-- Opening Marker --

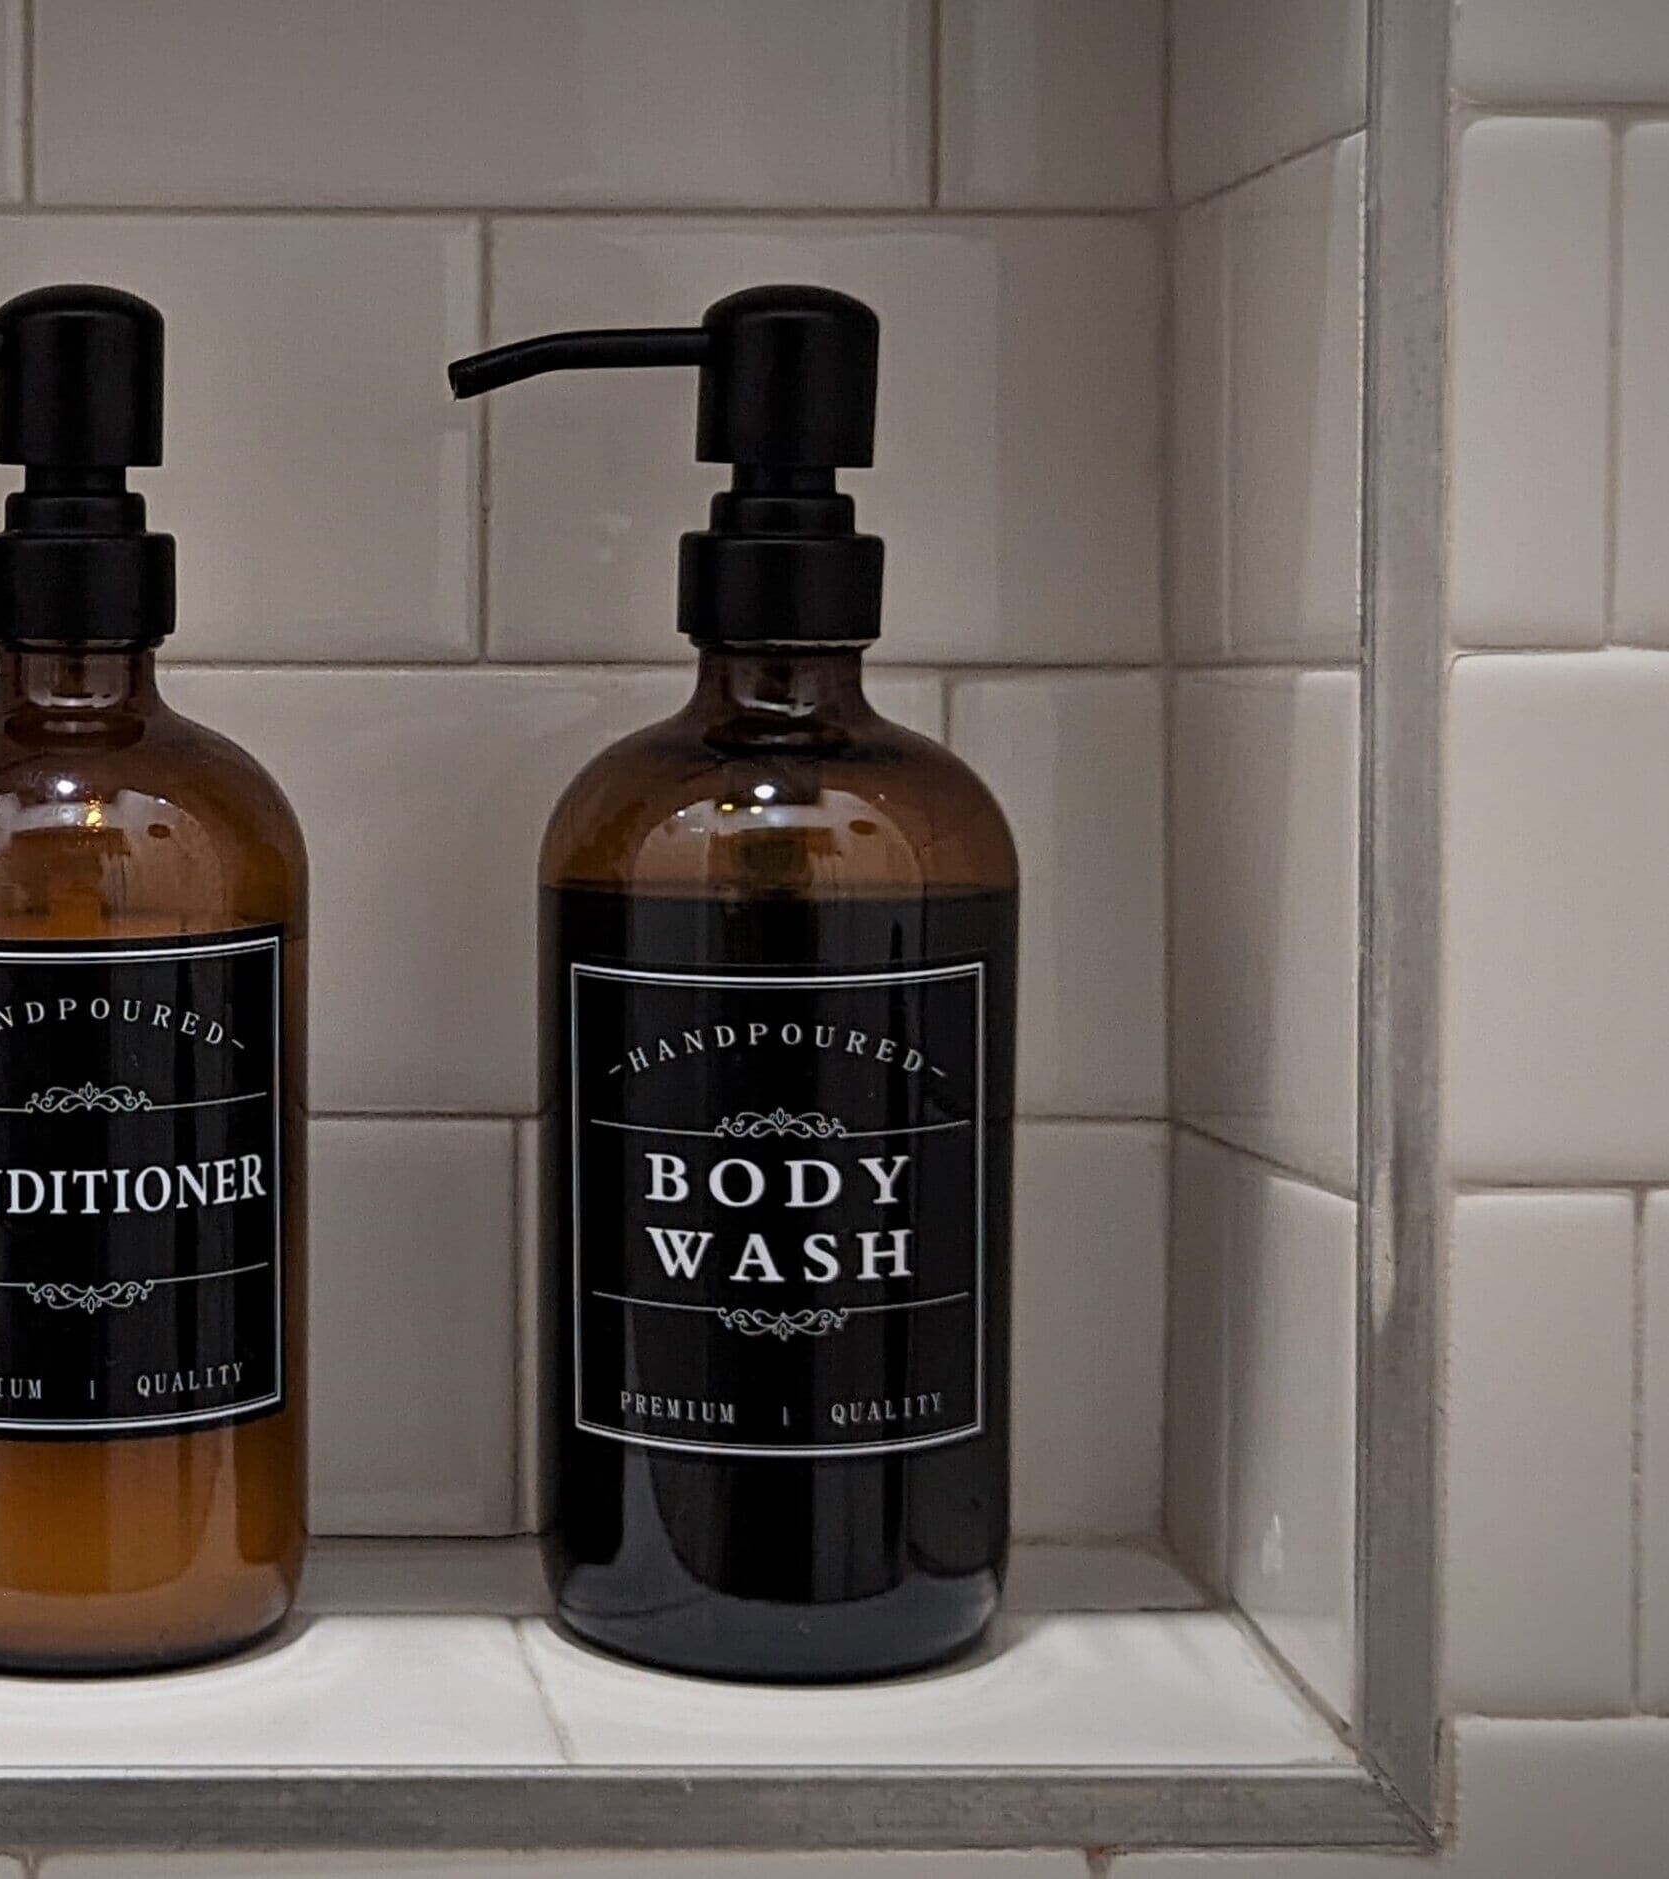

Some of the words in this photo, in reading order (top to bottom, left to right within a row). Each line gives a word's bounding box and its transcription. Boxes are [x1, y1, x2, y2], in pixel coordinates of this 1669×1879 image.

[644, 1153, 910, 1208] BODY
[644, 1226, 912, 1283] WASH
[137, 1362, 244, 1397] QUALITY
[621, 1391, 734, 1423] PREMIUM
[831, 1392, 942, 1425] QUALITY

-- Closing Marker --

> **Task objective**: The data above is to be printed exactly, all of it, except for the pictures.

> **Written reply**:
Some of the words in this photo, in reading order (top to bottom, left to right within a row). Each line gives a word's bounding box and its transcription. Boxes are [x1, y1, x2, y2], in pixel coordinates of this 1669×1879 image.

[644, 1153, 910, 1208] BODY
[644, 1226, 912, 1283] WASH
[137, 1362, 244, 1397] QUALITY
[621, 1391, 734, 1423] PREMIUM
[831, 1392, 942, 1425] QUALITY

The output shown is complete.